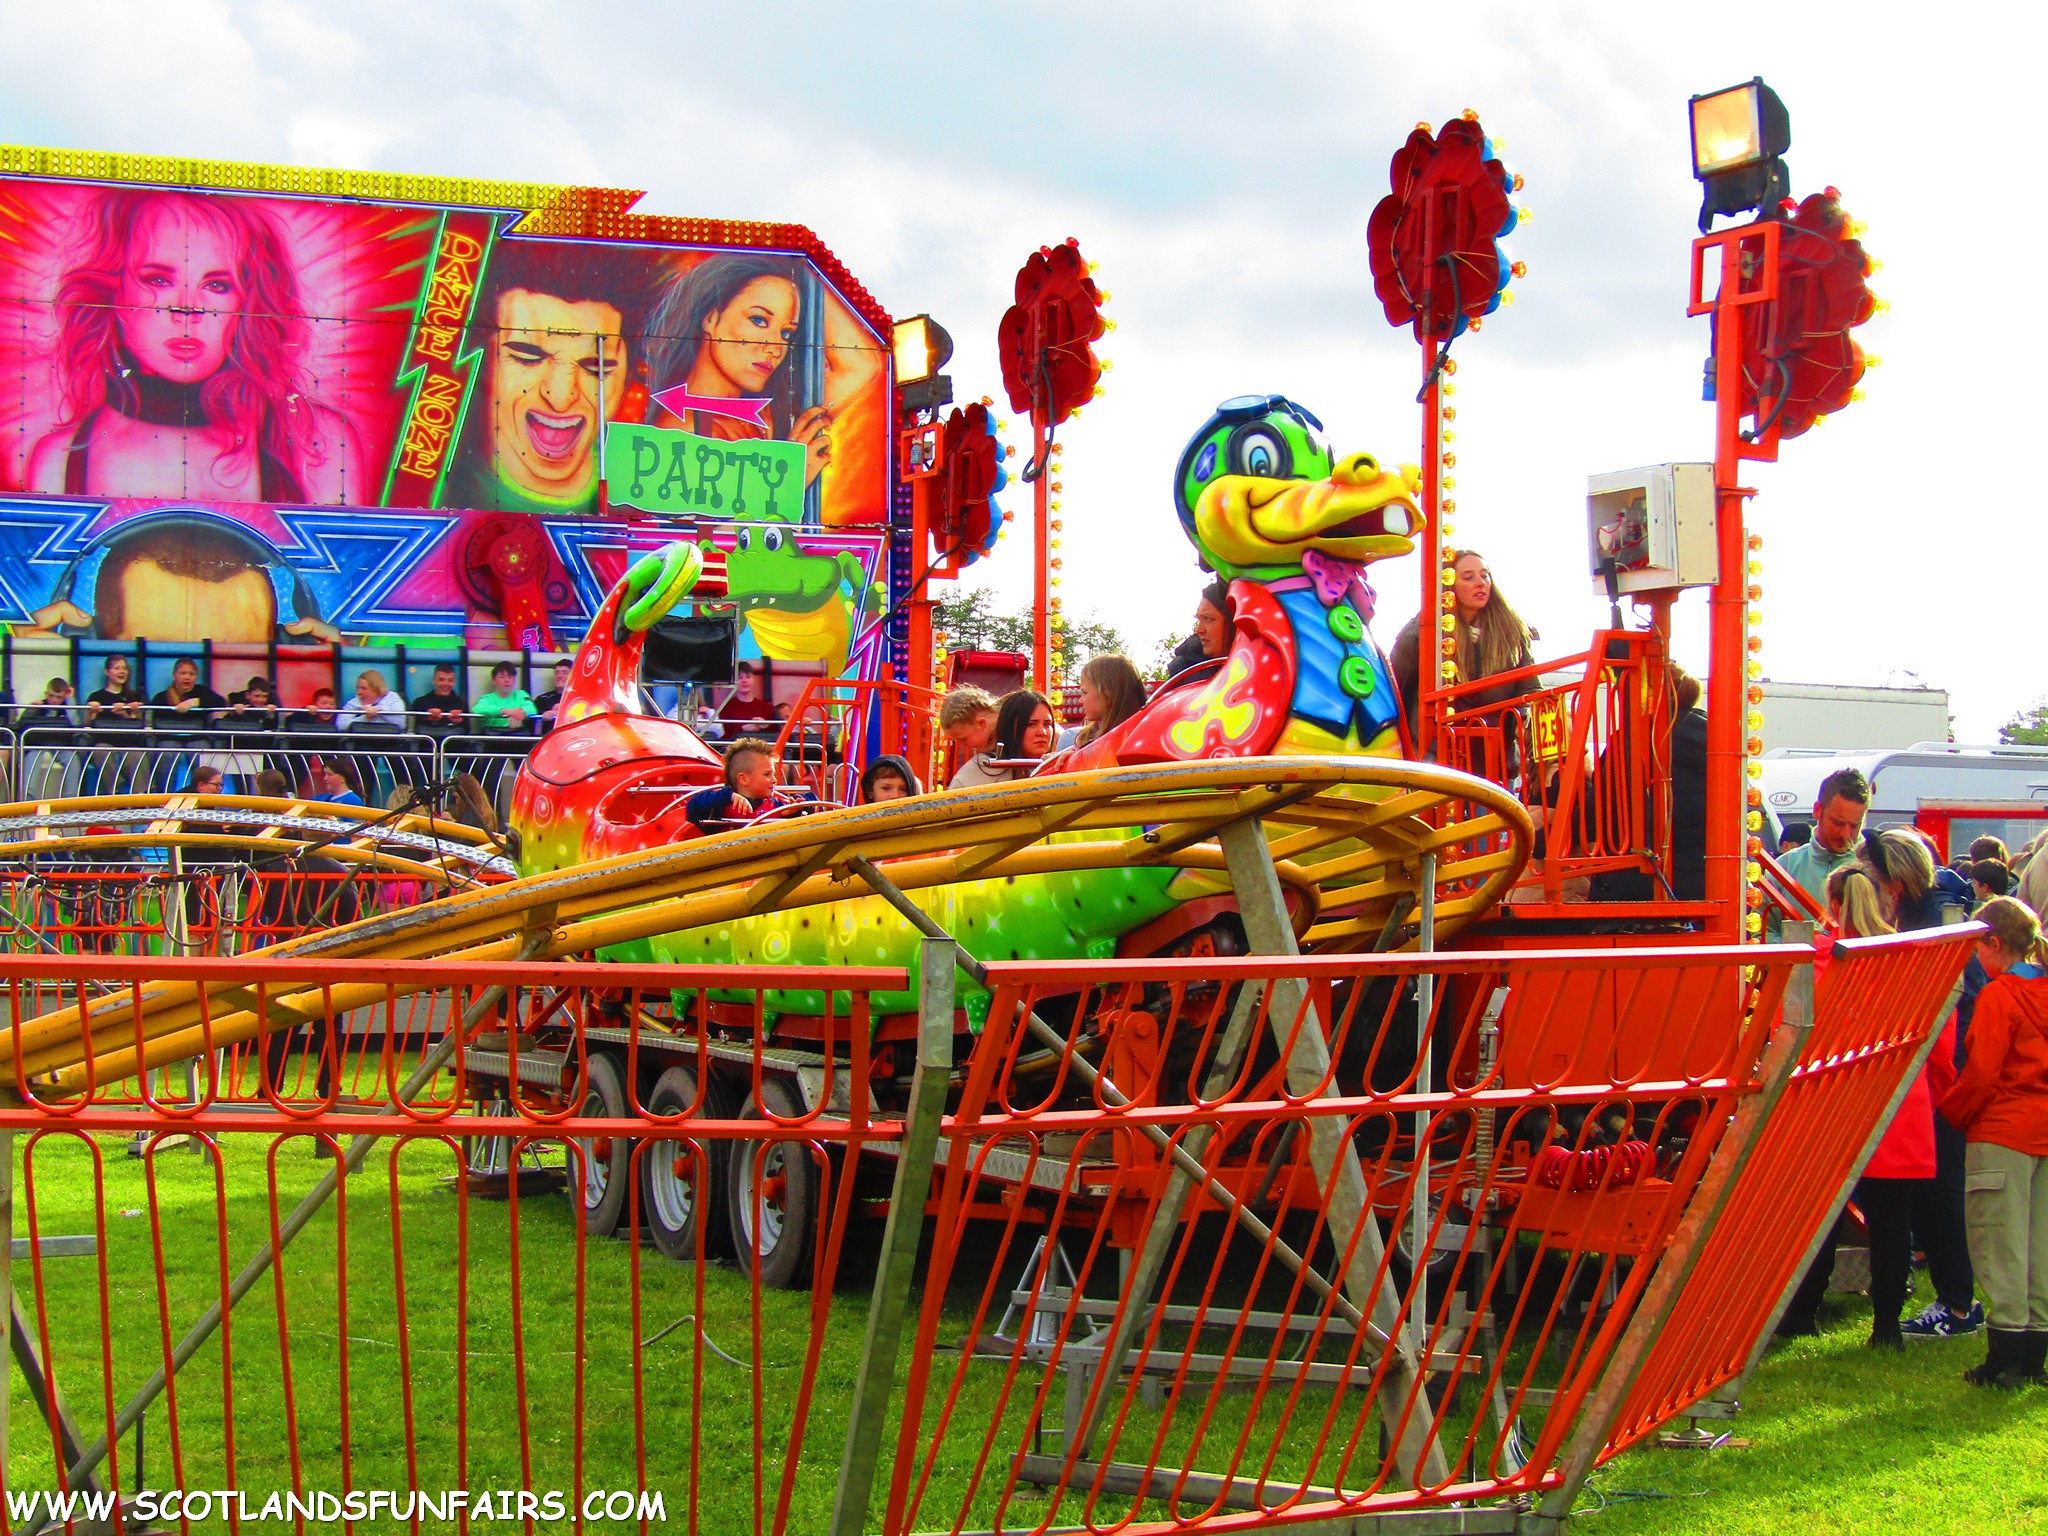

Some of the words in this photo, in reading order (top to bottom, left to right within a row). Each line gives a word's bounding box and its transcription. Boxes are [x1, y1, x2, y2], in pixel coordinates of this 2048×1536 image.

[416, 231, 482, 361] DANCE
[401, 374, 461, 478] ZONE
[630, 435, 788, 514] PARTY
[1774, 794, 1792, 803] LMC
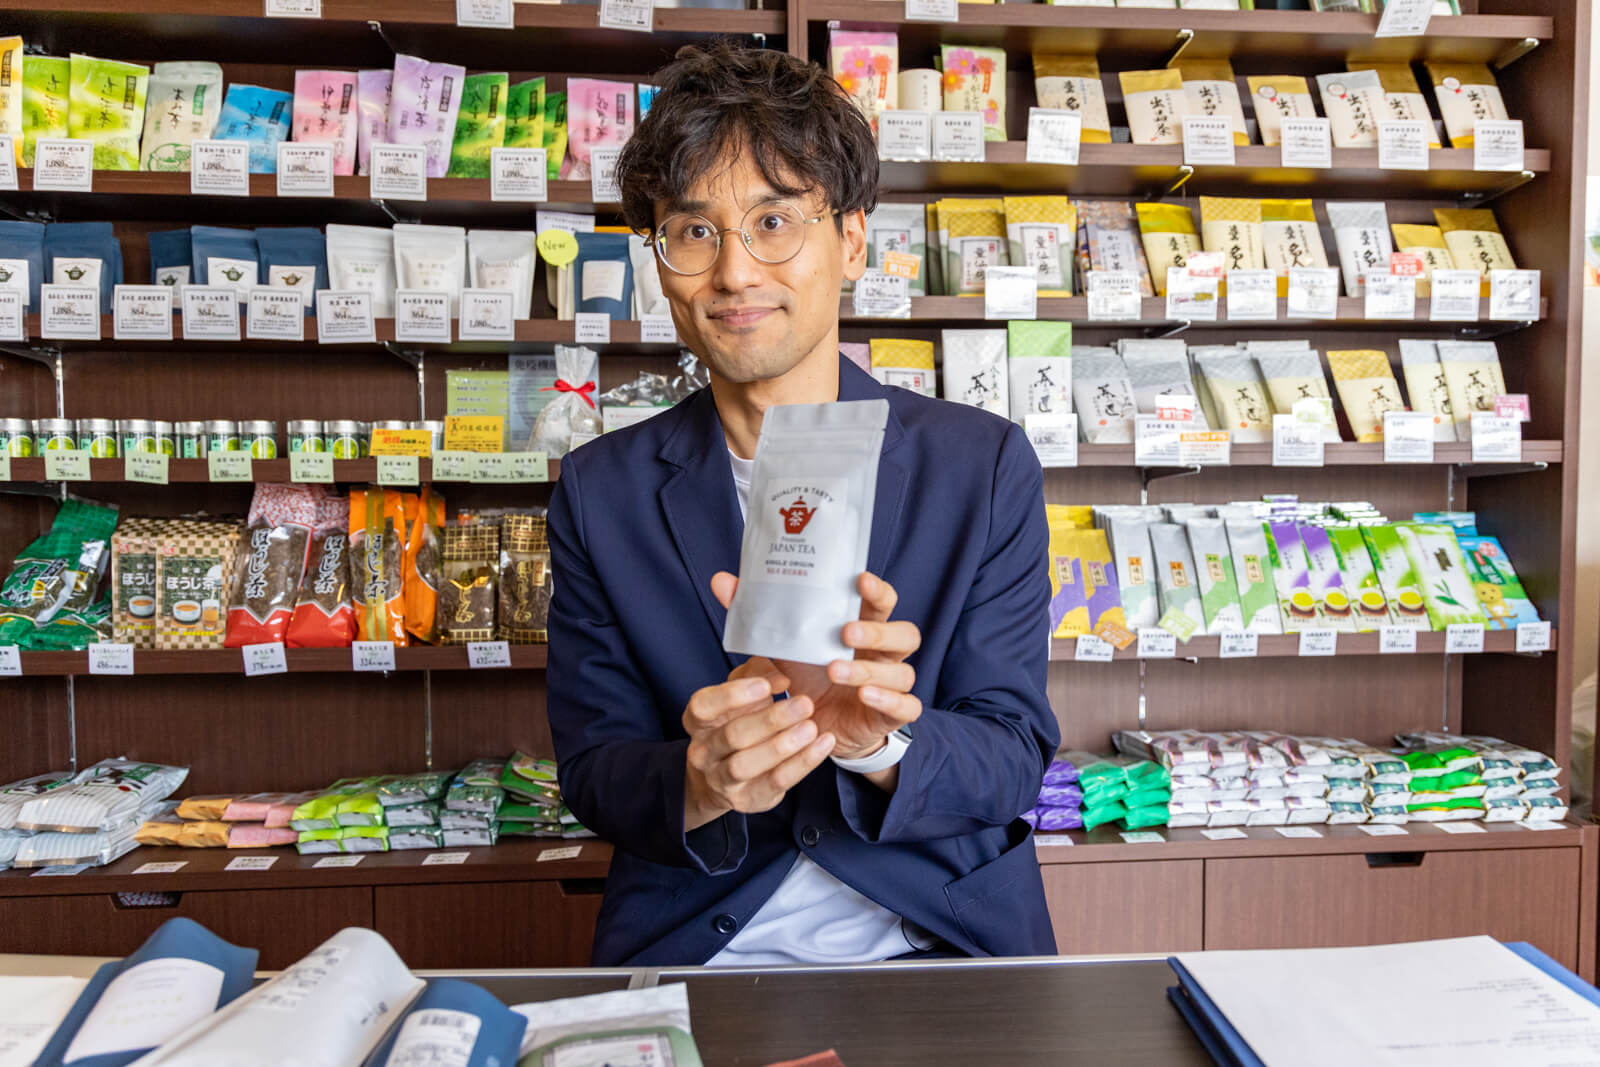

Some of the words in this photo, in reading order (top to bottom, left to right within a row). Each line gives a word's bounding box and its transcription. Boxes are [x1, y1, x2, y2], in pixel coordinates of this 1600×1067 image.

[543, 240, 567, 251] New
[771, 486, 802, 502] QUALITY
[810, 487, 834, 502] TASTY
[788, 510, 804, 527] 茶
[768, 543, 795, 555] JAPAN
[797, 543, 816, 555] TEA
[245, 528, 271, 598] ほうじ茶
[314, 535, 346, 595] ほうじ茶
[364, 533, 389, 599] ほうじ茶
[166, 576, 217, 591] ほうじ茶

Problem description: Everything in the material above must be repeated exactly, apart from its pictures.

Solution:
Some of the words in this photo, in reading order (top to bottom, left to right within a row). Each line gives a word's bounding box and its transcription. Boxes are [x1, y1, x2, y2], in pixel coordinates of this 2048×1536 image.

[416, 231, 482, 361] DANCE
[401, 374, 461, 478] ZONE
[630, 435, 788, 514] PARTY
[1774, 794, 1792, 803] LMC

Some of the words in this photo, in reading order (top to bottom, left to right within a row). Each line gives a word's bounding box and its transcription. Boxes are [x1, y1, x2, y2], in pixel coordinates of this 1600×1067 image.

[543, 240, 567, 251] New
[771, 486, 802, 502] QUALITY
[810, 487, 834, 502] TASTY
[788, 510, 804, 527] 茶
[768, 543, 795, 555] JAPAN
[797, 543, 816, 555] TEA
[245, 528, 271, 598] ほうじ茶
[314, 535, 346, 595] ほうじ茶
[364, 533, 389, 599] ほうじ茶
[166, 576, 217, 591] ほうじ茶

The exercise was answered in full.